Religiosidade postiça
“Ó Babilônia, feliz aquele que pegar os seus filhos e os despedaçar contra a rocha!”
Moradores assustados, transeuntes assaltados, motoristas encurralados, idosos, no seu sossego, desrespeitados, doentes, de ambulância, privados; estamos diante de uma nova “Babel” denominada “Jesus Vida Verão”.
Nem todo aquele que grita: Meu Deus! Meu Deus! Entrará no reino do céu. Quando Jesus queria comunhão com o Pai, procurava o silêncio do deserto e a solidão das montanhas. Louvemos ao Senhor, mas tomemos o mingau escaldante da paixão, pelas beiradas, para não queimar nossa fé lá onde a lareira do inferno aquece a brisa do céu. Aos que pensam que tudo são palavras, restam apenas às palavras. Não adianta trocar Pôncio por Pilatos.

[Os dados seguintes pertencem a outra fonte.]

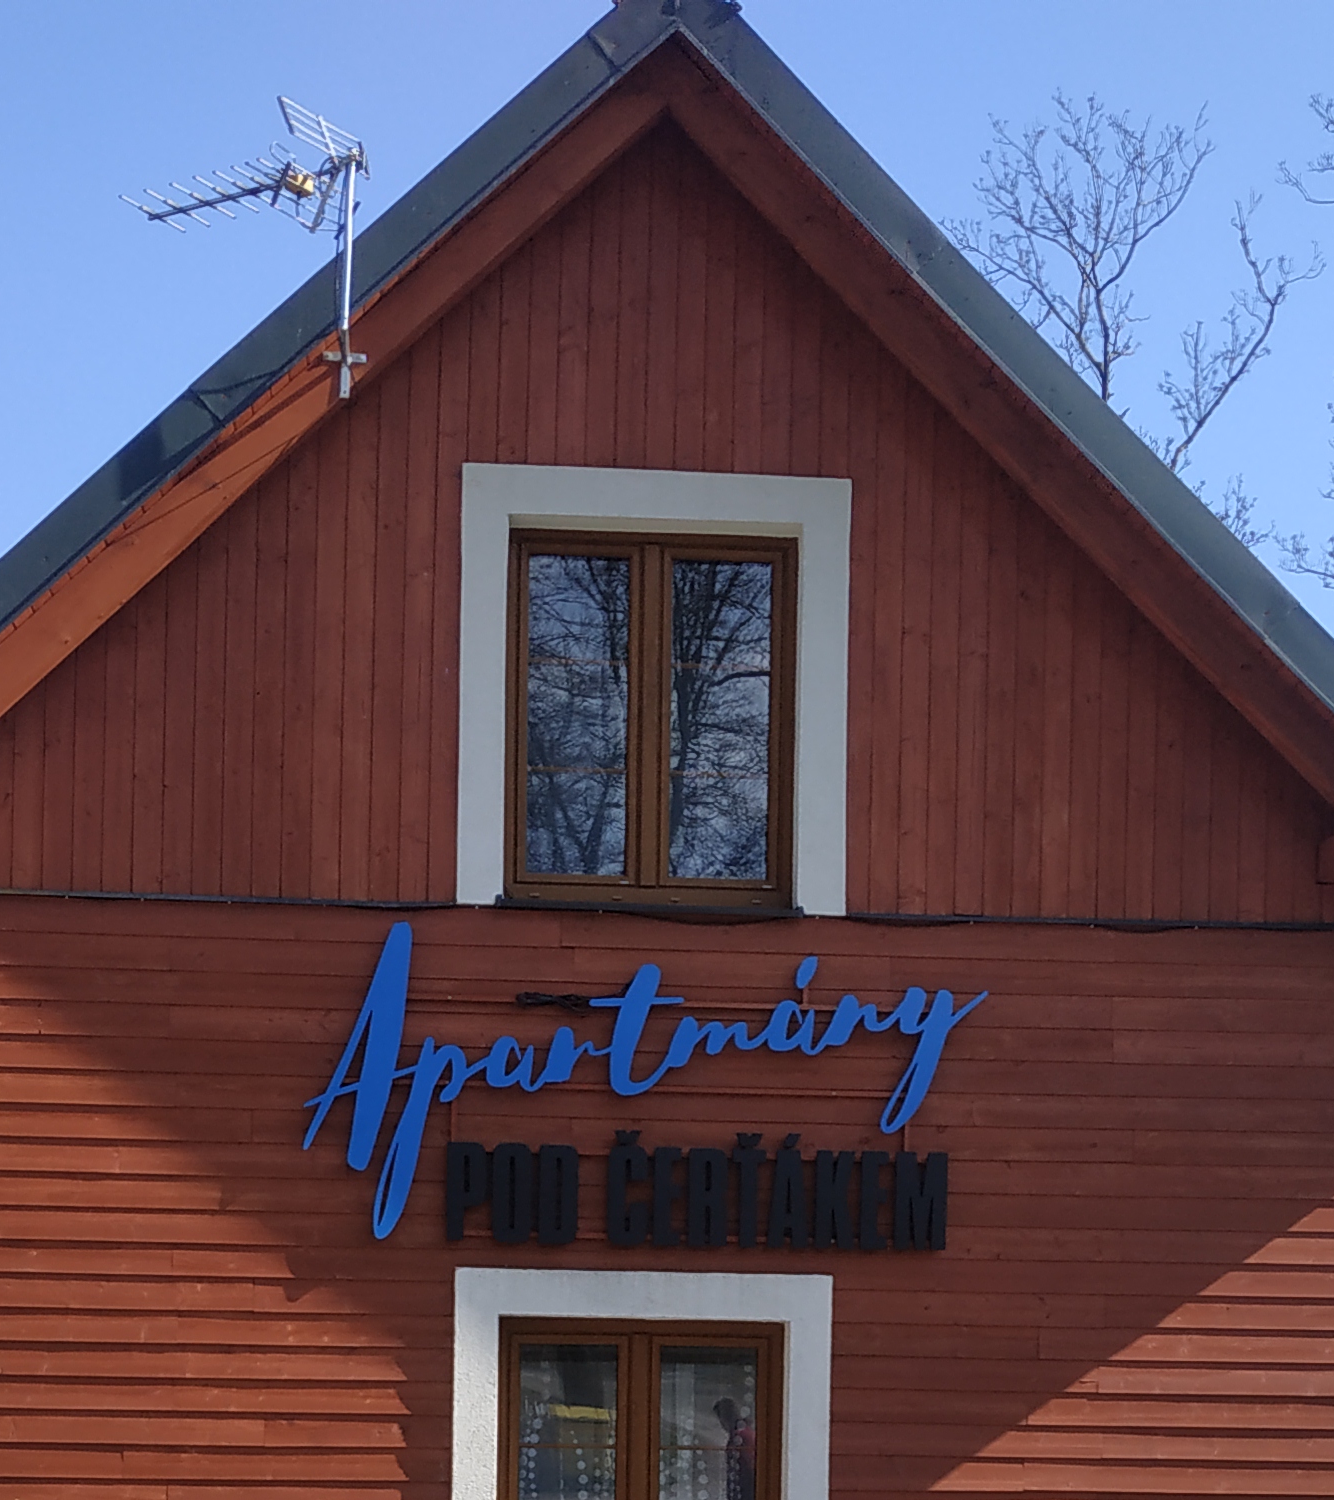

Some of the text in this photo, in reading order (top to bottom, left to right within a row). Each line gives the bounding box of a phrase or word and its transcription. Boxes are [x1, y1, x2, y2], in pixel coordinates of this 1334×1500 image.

[303, 921, 989, 1240] Apartmány
[446, 1130, 949, 1252] POD ČERŤÁKEM

Meus sinceros respeitos aos verdadeiros Filhos de Deus, mas religião é como remédio; quando aplicado em excesso, intoxica. Sempre tive muito receio de atitudes fanáticas. Pessoas desse tipo parecem que estão se desculpando pelo que fizeram ou pelo que estão pensando em fazer.
Espetáculos religiosos, pregações pirotécnicas, transes histéricos, milagres ribombantes, alaridos hipnóticos, malabarismos circenses, entre outras comoções espirituais, fogem da percepção que eu tenho de Deus: Silencioso, Harmonioso e Austero. Quando alguém pediu ao flamboyant: Fale-me de Deus! Silenciosamente, ele cobriu-se de flores.

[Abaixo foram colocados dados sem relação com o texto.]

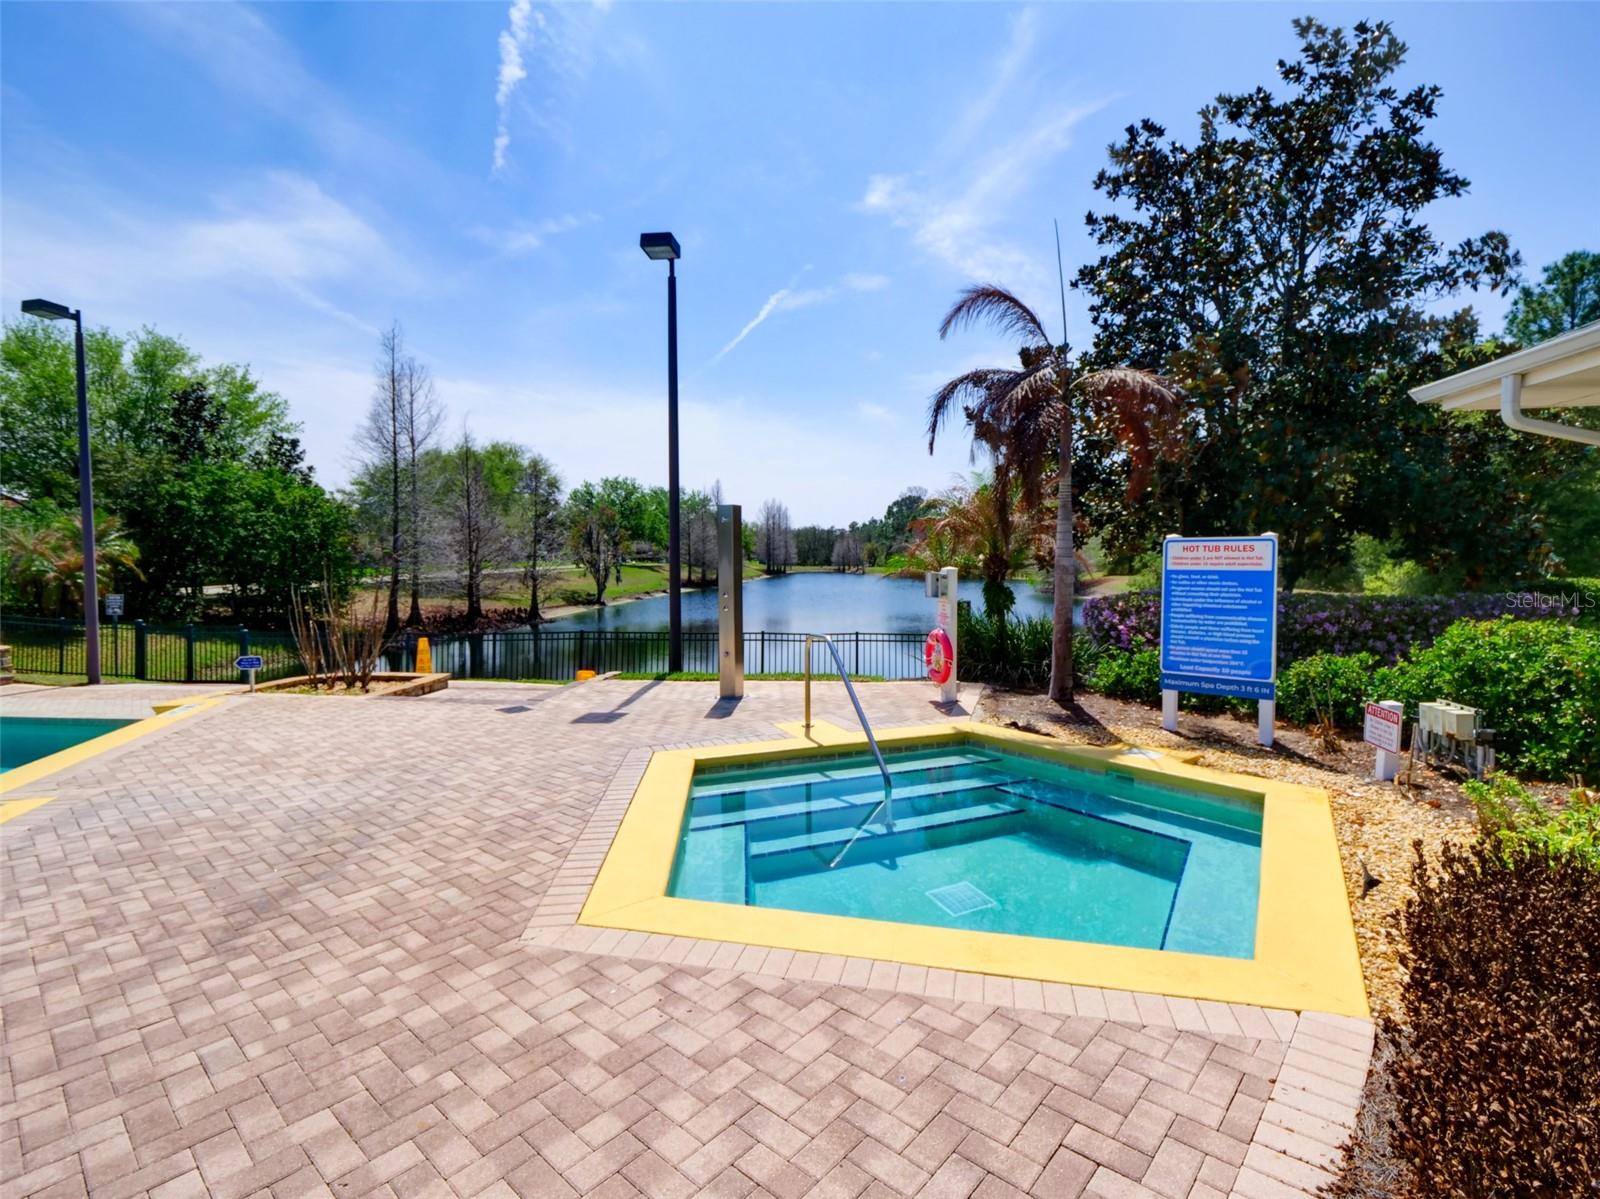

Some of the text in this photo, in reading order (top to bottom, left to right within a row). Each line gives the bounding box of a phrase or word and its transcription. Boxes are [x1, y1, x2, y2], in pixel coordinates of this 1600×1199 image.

[1183, 544, 1255, 553] HOT TUB RULES
[1164, 678, 1200, 687] Maximum
[1201, 681, 1215, 689] Spa
[1216, 683, 1239, 692] Depth
[1368, 704, 1399, 724] ATTENTION
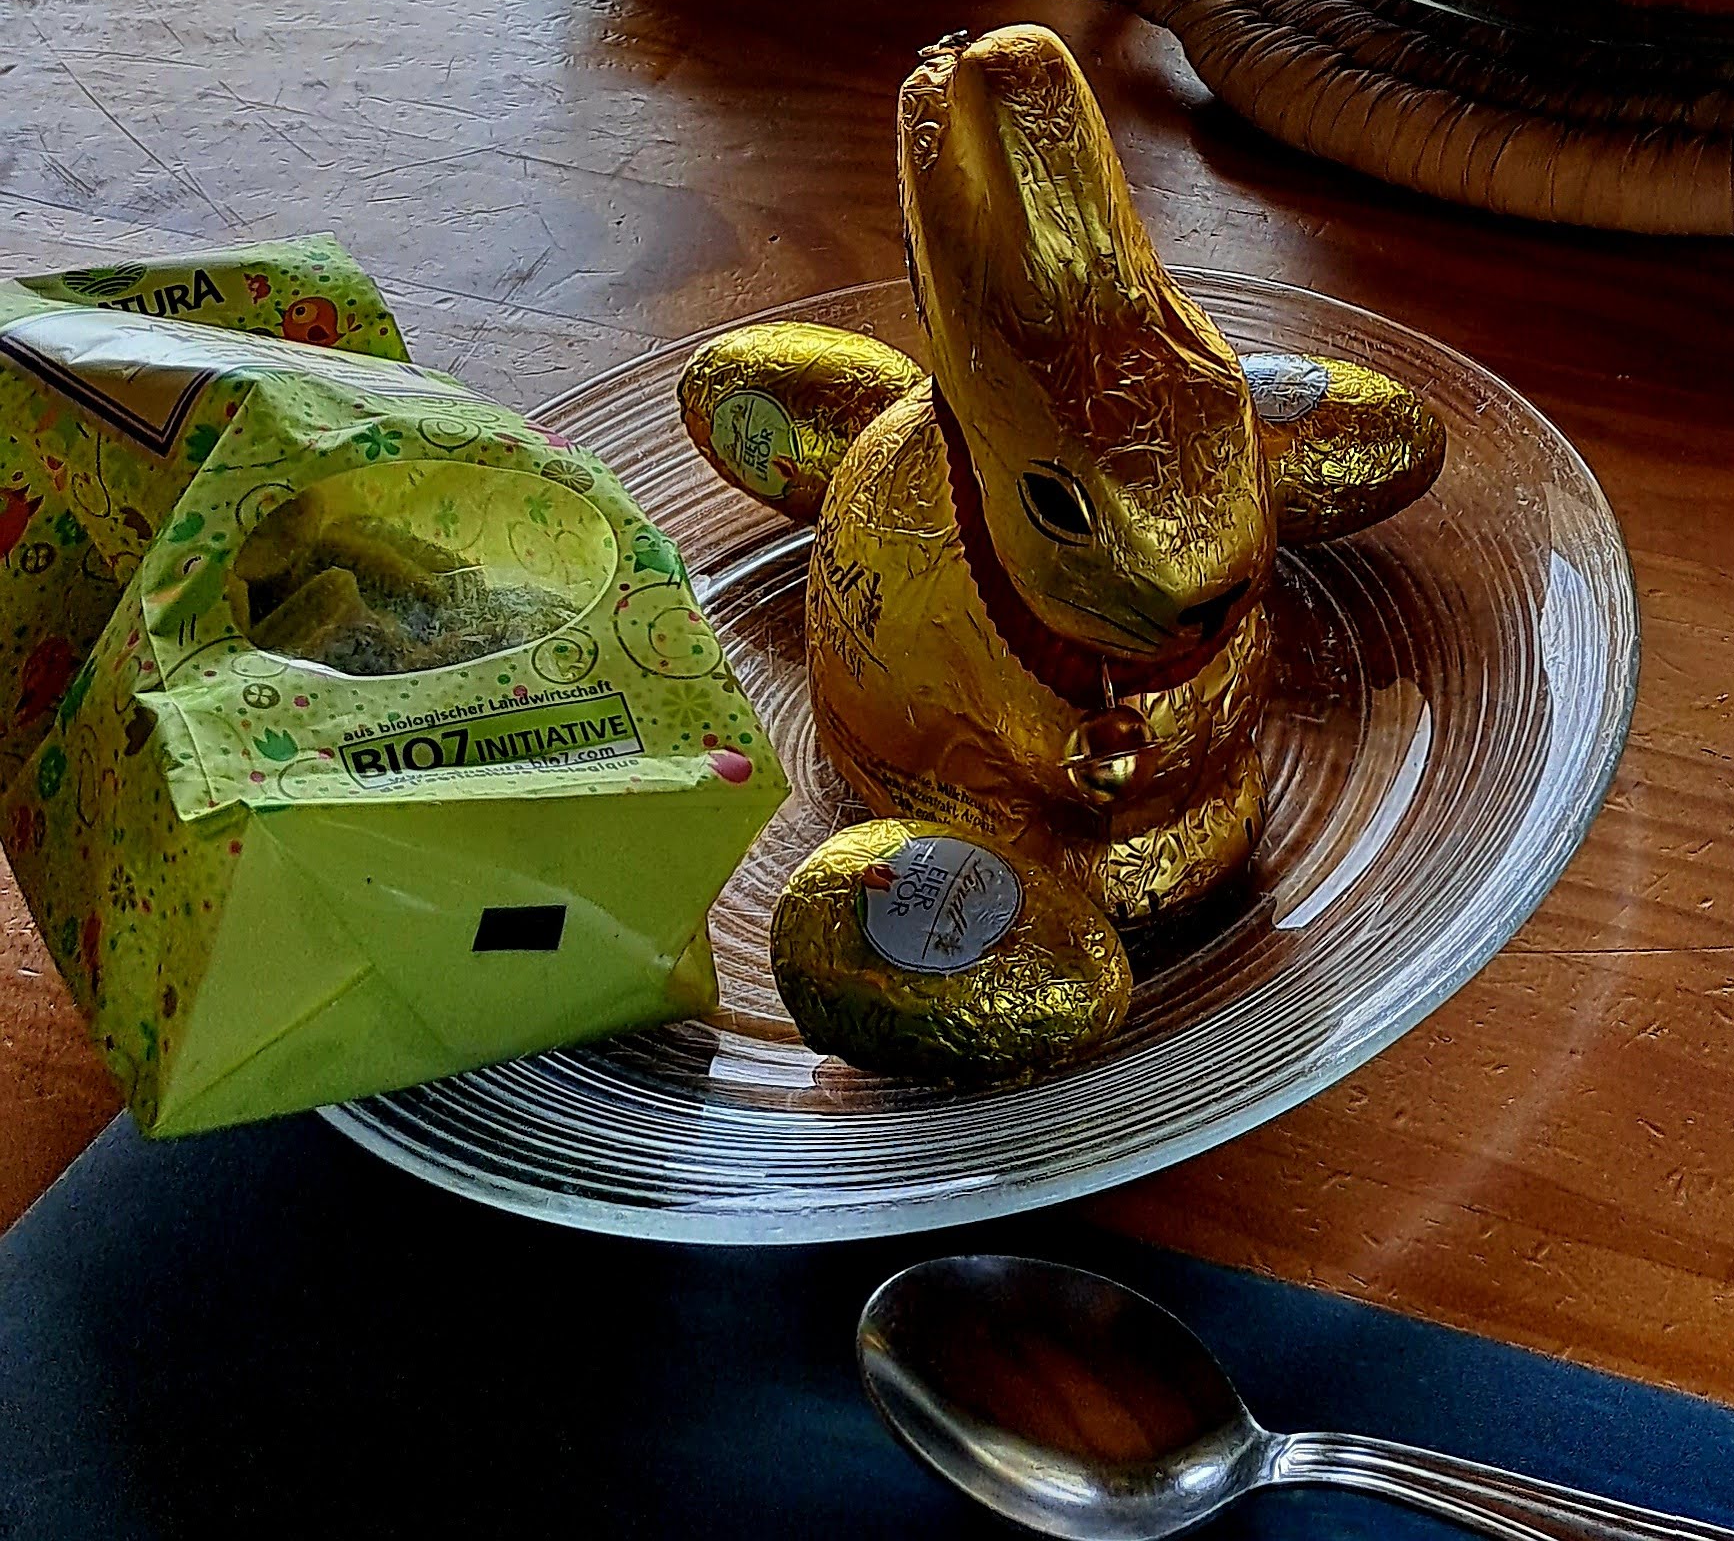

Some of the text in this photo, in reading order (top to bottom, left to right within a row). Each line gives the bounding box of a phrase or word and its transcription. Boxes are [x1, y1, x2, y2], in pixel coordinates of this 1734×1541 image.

[342, 678, 614, 743] aus biologischer Landwirtschaft
[475, 714, 628, 763] INITIATIVE
[920, 864, 950, 912] EIER

A fé é mais importante que a crença. Fé significa firmeza, equilíbrio. Crença é quando alguém pensa por nós. Muitos se mantêm acordados na escuridão e dormindo na luz.
Perdido nessas elucubrações mentais, meus olhos atravessam o fervilhante calçadão da Praia da Costa, indo pousar numa barraca, onde um dragão pede uma água de coco. Sim! É isso mesmo! Um dragão!
-Quanto é a água de coco?
-Dez reais.
-Eu quero uma. Depois de servi-lo, o vendedor comenta: É a primeira vez que eu vejo um dragão tomando água de coco!
-Pois é: por esse preço certamente vai ser a última. Virando-se para mim, o estranho réptil indaga: Que bagunça é essa aí?
Eu respondo: “Jesus Vida Verão”
Uai! Por que essa gritaria toda, essa fascinação, essa idolatria por aquele jovem lá em cima, cantando e fazendo mesuras?! A Bíblia Sagrada não diz: “Eu sou o Senhor teu Deus que te tirei da casa da servidão; não terás outros deuses diante de Mim?!”
É a vaidade humana... É a vaidade humana...
-Que história é essa que ouvi, ainda há pouco, sobre o aumento no consumo de álcool e na venda de preservativos em farmácias da orla, no decorrer deste evento? Acaso não lemos no livro sagrado: Não cobiçarás e nem cometerás adultério?!
É a vaidade humana... É a vaidade humana...
-E essa miríade de assaltos! Por que tanto joio no meio do trigo?
É vaidade humana... É a vaidade humana...
Afinal, o que é a vaidade humana?
“Não terás outros deuses diante de Mim”. Dinheiro, status, poder e reconhecimento; vivemos alimentando esses deuses que crescem dentro de nós. Pedimos a Deus não que seja feita Sua vontade, mas sim que Ele aprove a nossa.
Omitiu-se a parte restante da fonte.